Interviews with Political Scientists about their New Books
Support our show by becoming a premium member! https://newbooksnetwork.supportingcast.fm/political-science

    M. Steven Fish, "Comeback: Routing Trumpism, Reclaiming the Nation, and Restoring Democracy's Edge" (Rivertowns Books, 2024)

    M. Steven Fish, "Comeback: Routing Trumpism, Reclaiming the Nation, and Restoring Democracy's Edge" (Rivertowns Books, 2024)

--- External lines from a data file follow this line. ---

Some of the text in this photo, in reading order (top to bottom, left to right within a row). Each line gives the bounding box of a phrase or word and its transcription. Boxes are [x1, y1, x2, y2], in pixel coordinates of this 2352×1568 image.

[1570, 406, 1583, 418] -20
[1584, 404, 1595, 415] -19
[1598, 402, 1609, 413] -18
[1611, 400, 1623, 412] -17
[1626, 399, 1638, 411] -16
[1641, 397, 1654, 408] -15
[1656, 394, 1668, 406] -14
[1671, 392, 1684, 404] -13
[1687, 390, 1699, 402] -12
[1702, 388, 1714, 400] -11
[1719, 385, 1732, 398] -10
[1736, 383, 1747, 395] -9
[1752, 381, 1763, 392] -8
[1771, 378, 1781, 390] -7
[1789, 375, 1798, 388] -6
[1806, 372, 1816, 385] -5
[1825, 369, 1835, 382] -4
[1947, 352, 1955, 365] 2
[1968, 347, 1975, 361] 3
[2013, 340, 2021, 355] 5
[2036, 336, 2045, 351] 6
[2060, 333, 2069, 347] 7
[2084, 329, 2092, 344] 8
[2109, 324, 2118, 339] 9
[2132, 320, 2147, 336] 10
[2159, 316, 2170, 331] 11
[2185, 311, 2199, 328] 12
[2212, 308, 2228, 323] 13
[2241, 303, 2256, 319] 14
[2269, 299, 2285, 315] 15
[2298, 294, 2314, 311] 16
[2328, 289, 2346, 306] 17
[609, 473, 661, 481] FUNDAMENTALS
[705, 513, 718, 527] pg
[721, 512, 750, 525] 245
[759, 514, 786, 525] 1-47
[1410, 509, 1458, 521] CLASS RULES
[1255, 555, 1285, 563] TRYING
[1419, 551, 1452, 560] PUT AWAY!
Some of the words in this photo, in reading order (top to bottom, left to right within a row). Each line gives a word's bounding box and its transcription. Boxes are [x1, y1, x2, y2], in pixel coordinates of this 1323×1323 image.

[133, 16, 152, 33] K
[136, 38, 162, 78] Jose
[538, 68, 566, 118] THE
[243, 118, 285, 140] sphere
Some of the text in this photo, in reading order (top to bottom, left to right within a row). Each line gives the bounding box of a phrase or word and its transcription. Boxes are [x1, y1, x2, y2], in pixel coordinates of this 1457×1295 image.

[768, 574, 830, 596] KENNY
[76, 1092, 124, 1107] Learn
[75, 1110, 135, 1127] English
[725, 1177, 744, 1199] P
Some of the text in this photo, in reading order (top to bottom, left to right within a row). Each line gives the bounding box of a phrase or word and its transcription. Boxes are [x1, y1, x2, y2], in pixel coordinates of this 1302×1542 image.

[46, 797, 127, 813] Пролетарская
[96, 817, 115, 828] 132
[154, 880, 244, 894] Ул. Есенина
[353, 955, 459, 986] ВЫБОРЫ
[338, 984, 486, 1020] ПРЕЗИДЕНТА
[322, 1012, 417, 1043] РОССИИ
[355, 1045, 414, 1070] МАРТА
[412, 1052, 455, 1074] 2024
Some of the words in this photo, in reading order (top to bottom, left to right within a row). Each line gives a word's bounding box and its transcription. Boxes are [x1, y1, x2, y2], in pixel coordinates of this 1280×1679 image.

    Defeating the forces of authoritarianism is the political combat task of our age, and we must take it up with the certitude and boldness that our eminent forebears did. Rebuilding the Democrats’ appeal by reestablishing reputations for superior strength and patriotism is a challenge. But the fact that democracy’s plight is due to flaws in liberals’ leadership and messaging rather than economic crises, popular prejudices, or a faulty Constitution is good news. It means that the Democrats can turn the tables on Trumpism now.
    – Introduction to Comeback (2024)
    The fate of American democracy now hinges on the Democrats' ability to defeat the Republicans for the foreseeable future. But for the Democrats to win consistently, they must reestablish their credentials as fearless leaders, tough fighters, and fierce patriots.
    Comeback delivers a bold new take on democracy's crisis. Many liberals think that escalating economic anxieties and cultural backlash drove voters to Trump. But a crush of data shows this thinking to be deeply flawed. It also strikes working-class voters as condescending and repellent. And while the Democrats stick to "kitchen table" issues and showing how much they care, voters care more about strength and commitment to principle than prescription drug prices.
    Politics is a dominance game and a contest to capture the flag. Politicians who seem to be the strongest leaders and most passionate patriots hold the advantage. The Republicans get it. The Democrats don't.
    Republicans have a high-dominance political style. They take risks, savor conflict, and use provocative language. Democrats have a low-dominance style. They're risk-averse, afraid to engage on cultural issues-and more than a little boring. Republicans hammer away at their patriotism, even as they betray the nation and shred American values. Democrats are loyal to American values but have grown squeamish about patriotism and have no national story.
    Ordinary people often don't recognize themselves in the stories liberal politicians tell about them, while the authoritarians speak a language of dominance and national greatness that connects. The Democrats need a new approach to messaging. Comeback spells it out and provides a roadmap for trouncing Trumpism.
    Steven Fish is a professor at the University of California, Berkeley, and a comparative political scientist specializing in democracy and authoritarianism, religion and politics, constitutional systems, and national legislatures. He has also taught at the University of Pennsylvania and universities in Russia, Poland, China, and Indonesia.
    His previous books include: Democracy from Scratch: Opposition and Regime in the New Russian Revolution (1995); Postcommunism and the Theory of Democracy, co-authored (2001); Democracy Derailed in Russia: The Failure of Open Politics (2005); The Handbook of National Legislatures: A Global Survey (2009); and Are Muslims Distinctive? A Look at the Evidence (2011).
    His latest book and the focus of the interview – Comeback: Routing Trumpism, Reclaiming the Nation, and Restoring Democracy’s Edge was published by Rivertowns Books, Irvington, N.Y. in 2024.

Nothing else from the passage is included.